There were further far-reaching political and constitutional changes in 1949-50. The Maharaja of Mysore had acceded to the Dominion of India in 1947; this, however, did not empower the Dominion legislature to impose any tax or duty in the State of Mysore or any part thereof. By a proclamation dated November 25, 1949, the Maharaja of Mysore accepted the Constitution of India, as from the date of its commencement, as the Constitution of Mysore, which superseded and abrogated all other constitutional provisions inconsistent therewith and in force in the State. On January 26, 1950, the Constitution of India came into force, and Mysore became a Part B State within the Constitution of India. On February 28, 1950, there was a financial agreement between the Rajpramukh of Mysore and the President of India in respect of certain matters governed by Arts. 278, 291, 295 and 306 of the Constitution. Under Art. 277 of the Constitution, however, all taxes which immediately before the commencement of the Constitution were being levied by the State continued to be so levied, notwithstanding that those taxes were mentioned in the Union List, until provision to the contrary was made by Parliament by law. Such law was made by the Finance Act, 1950, by which the whole of Mysore including the retroceded area became " taxable territory " within the meaning of the Indian Income-tax Act, 1922, from April 1, 1950, and the 794 Indian Income-tax Act again came into force in the retroceded area from the aforesaid date. Section 13 of the Finance Act, 1950, dealt with repeals and savings. As the true scope and effect of sub-s. (1) of s. 13 is one of the questions at issue before us, it is necessary to read it.

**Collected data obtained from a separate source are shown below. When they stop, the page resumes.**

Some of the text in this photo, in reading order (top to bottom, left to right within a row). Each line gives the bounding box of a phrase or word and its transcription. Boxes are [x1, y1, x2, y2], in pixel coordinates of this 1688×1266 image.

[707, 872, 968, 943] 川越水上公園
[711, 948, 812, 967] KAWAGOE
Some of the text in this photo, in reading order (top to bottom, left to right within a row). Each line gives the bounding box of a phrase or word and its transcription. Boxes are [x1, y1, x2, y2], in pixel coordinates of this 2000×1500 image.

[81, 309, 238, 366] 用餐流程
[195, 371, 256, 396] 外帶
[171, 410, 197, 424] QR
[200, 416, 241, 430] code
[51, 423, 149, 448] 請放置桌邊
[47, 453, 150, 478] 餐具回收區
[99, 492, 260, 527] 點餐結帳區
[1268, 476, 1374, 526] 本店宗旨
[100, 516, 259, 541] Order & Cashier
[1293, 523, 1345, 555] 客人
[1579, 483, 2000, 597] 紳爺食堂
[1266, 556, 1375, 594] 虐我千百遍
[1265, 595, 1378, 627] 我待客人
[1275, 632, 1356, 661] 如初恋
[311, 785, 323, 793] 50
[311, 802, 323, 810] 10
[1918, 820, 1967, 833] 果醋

" If immediately before the 1st day of April, 1950, there is in force in any Part B State other than Jammu and Kashmir or in Manipur, Tripura or Vindhya Pradesh or in the merged territory of CoochBehar any law relating to income-tax or super-tax or tax on profits of business that law shall cease to have effect except for the purposes of the levy, assess- ment and collection of income-tax and super-tax in respect of any period not included in the previous year for the purposes of assessment under the Indian Income-tax Act, 1922, for the year ending on the 31st day of March, 1951, or for any subsequent year, or, as the case may be, the levy, assessment and collection of the tax on profits of business for any chargeable accounting period ending on or before the 31st day of March, 1949:
Provided that any reference in any such law to an officer, authority, tribunal or court shall be construed as a reference to the corresponding officer, authority, tribunal or court appointed or constituted under the said Act, and if any question arises as to who such corresponding officer, authority, tribunal or court is, the decision of the Central Government thereon shall be final.,"

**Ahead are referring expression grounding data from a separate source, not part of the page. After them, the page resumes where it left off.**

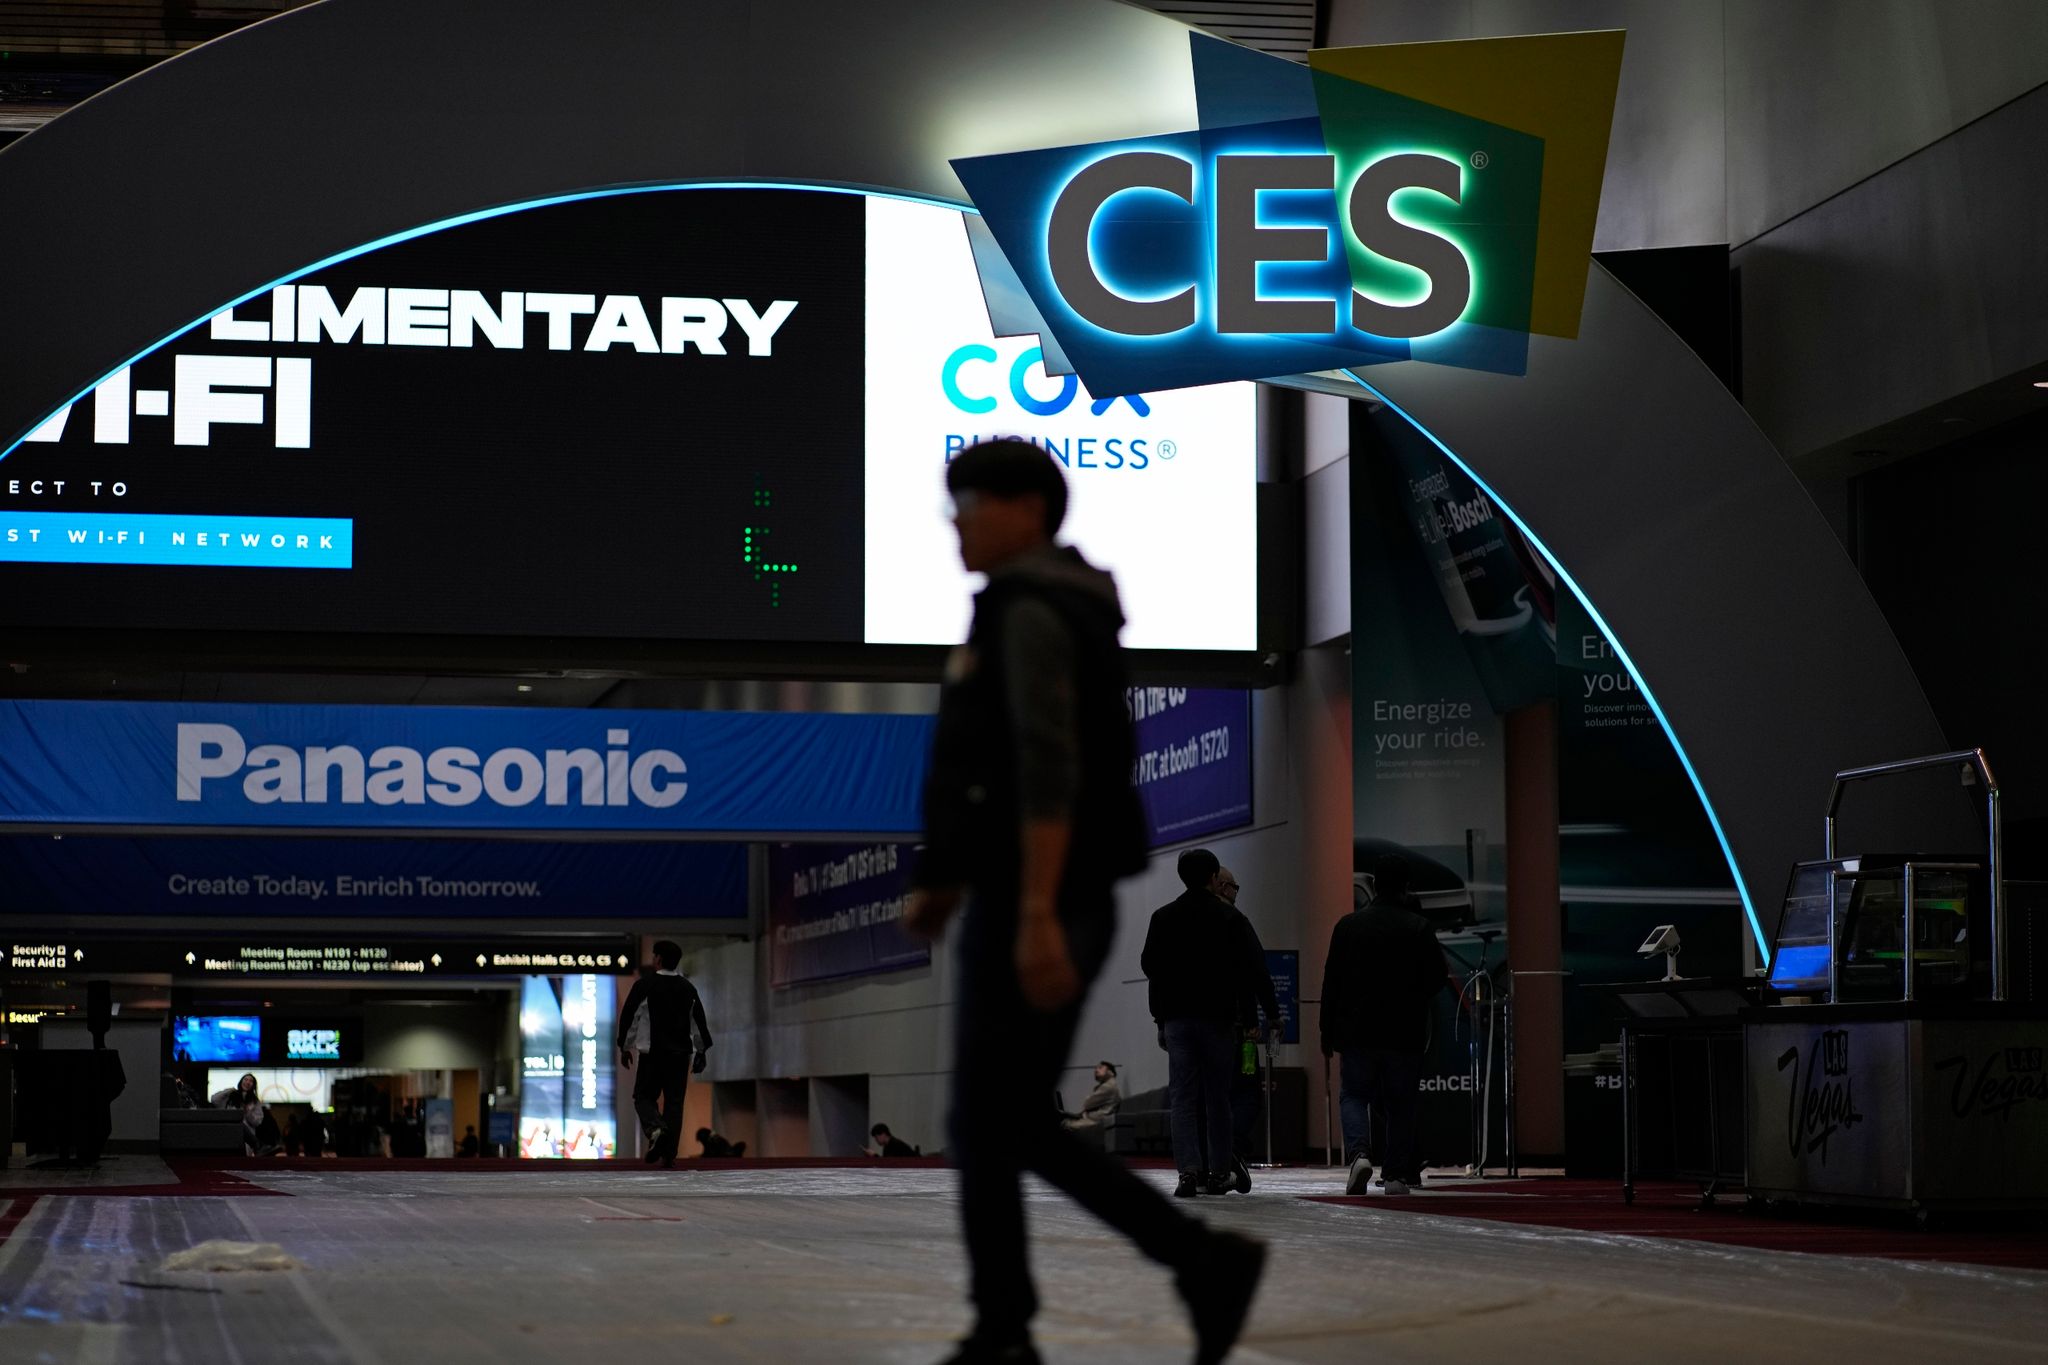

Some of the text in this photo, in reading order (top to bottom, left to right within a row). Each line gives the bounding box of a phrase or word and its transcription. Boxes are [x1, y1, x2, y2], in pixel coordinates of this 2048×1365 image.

[90, 481, 127, 497] TO
[6, 528, 334, 550] ST WI-FI NETWORK
[1583, 673, 1638, 698] you
[1373, 697, 1472, 724] Energize
[1584, 704, 1625, 714] Discover
[1584, 716, 1628, 728] solutions
[1630, 715, 1644, 726] for
[1374, 726, 1486, 755] your ride.
[1169, 735, 1199, 775] booth
[1199, 725, 1230, 766] 15720
[175, 721, 689, 809] Panasonic
[167, 873, 541, 900] Create Today. Enrich Tomorrow.
[12, 944, 57, 959] Security
[240, 947, 285, 961] Meeting
[286, 947, 323, 959] Rooms
[492, 953, 531, 967] Exhibit
[531, 953, 559, 967] Halls
[12, 957, 56, 969] First Aid
[204, 959, 249, 973] Meeting
[249, 959, 287, 971] Rooms
[352, 959, 371, 973] (up
[371, 959, 425, 973] escalator)
[8, 1010, 48, 1024] Secur
[1824, 1031, 1848, 1075] LAS
[1418, 1074, 1474, 1092] schCE
[1777, 1038, 1863, 1168] Vegas

Now, the legal effect of the constitutional changes referred to above, so far as it has a bearing on the present dispute, may be briefly summarised as follows: the Indian Income-tax Act, 1922, remained in force in the retroceded area till June 30, 1948 ; from July 1, 1948, the Mysore Income-tax Act, 1923, applied, subject to this saving that the Indian Income-tax Act continued to apply in respect of the total income chargeable to income tax in the retroceded area prior to July 1, 1948, and the provisions of that Act as in force in the retroceded area prior to that date applied to all proceedings relating to the assessment of such income 795 upto the stage of assessment and determination of income-tax payable thereon. This position continued till April 1, 1950, when the Finance Act, 1950, came into force and the Indian Income-tax Act, 1922, again came into force in the retroceded area, subject to the saving mentioned in s. 13(1) thereof.

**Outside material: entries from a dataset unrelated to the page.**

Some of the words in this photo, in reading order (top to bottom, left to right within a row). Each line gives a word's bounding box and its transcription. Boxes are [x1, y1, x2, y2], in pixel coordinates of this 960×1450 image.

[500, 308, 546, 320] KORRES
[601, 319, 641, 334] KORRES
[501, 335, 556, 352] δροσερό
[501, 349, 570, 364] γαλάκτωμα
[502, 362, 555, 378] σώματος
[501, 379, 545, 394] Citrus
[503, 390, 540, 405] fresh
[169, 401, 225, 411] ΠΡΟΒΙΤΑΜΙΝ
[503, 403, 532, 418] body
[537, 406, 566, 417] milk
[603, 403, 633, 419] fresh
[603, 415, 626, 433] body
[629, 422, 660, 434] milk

The principal question before us, as it was before the High Court, is one of jurisdiction. Did the Income tax Officer concerned have jurisdiction to issue the notice under s. 34 of the Indian Income-tax Act, 192 and to make a re- assessment order pursuant to sue notice ? The High Court pointed out that though the notice did not clearly say so, the Income-tax Officer clearly acted under s. 34 of the Indian Income-tax Act, 1922, as it was in force in the retroceded area prior to July 1, 1948, and the writ applications were decided on that footing. The four main lines of argument on which the respondent assessee rested his contention that the Incometax Officer concerned had no jurisdiction were these : firstly, it was urged that s. 34 of the Indian Incomtax Act, 1922, was not saved by s. 13(1) of the Finance Act, 1950, because what was saved was the prior law " for the purposes of the levy, assessment and collection of income-tax ", which expression did not include re-assessment proceedings; secondly, it was argueed that, even otherwise, the financial agreement made between the President of India and the Rajpramukh of Mysore on February 28, 1950, which received constitutional sanctity in Art. 278 of the Constitution rendered the impugned proceedings unconstitutional and void; thirdly, it was submitted that the Indian Income-tax Act, 1922, as in force in the retroceded area stood repealed on June 30, 1948, by Mysore Act XXXI of 1948, and the saving provisions in s. 5(b) thereof or in paragraph (2), sub-paragraph (b), of Schedule A to Mysore Act LVII of 1948, did not save s. 34 in so far as it permitted re-assessment proceedings in respect of years in which there had been an assessment already; and lastly, it was contended that after June 30, 1948, and until April 1, 1950, the Income-tax Officer in the retroceded area could re-open 796 the assessment under s. 34 of the Mysore Incometax Act, 1923, within a period of four years specified therein, but there was no authority to re-open the assessment under s. 34 of the Indian Income-tax Act.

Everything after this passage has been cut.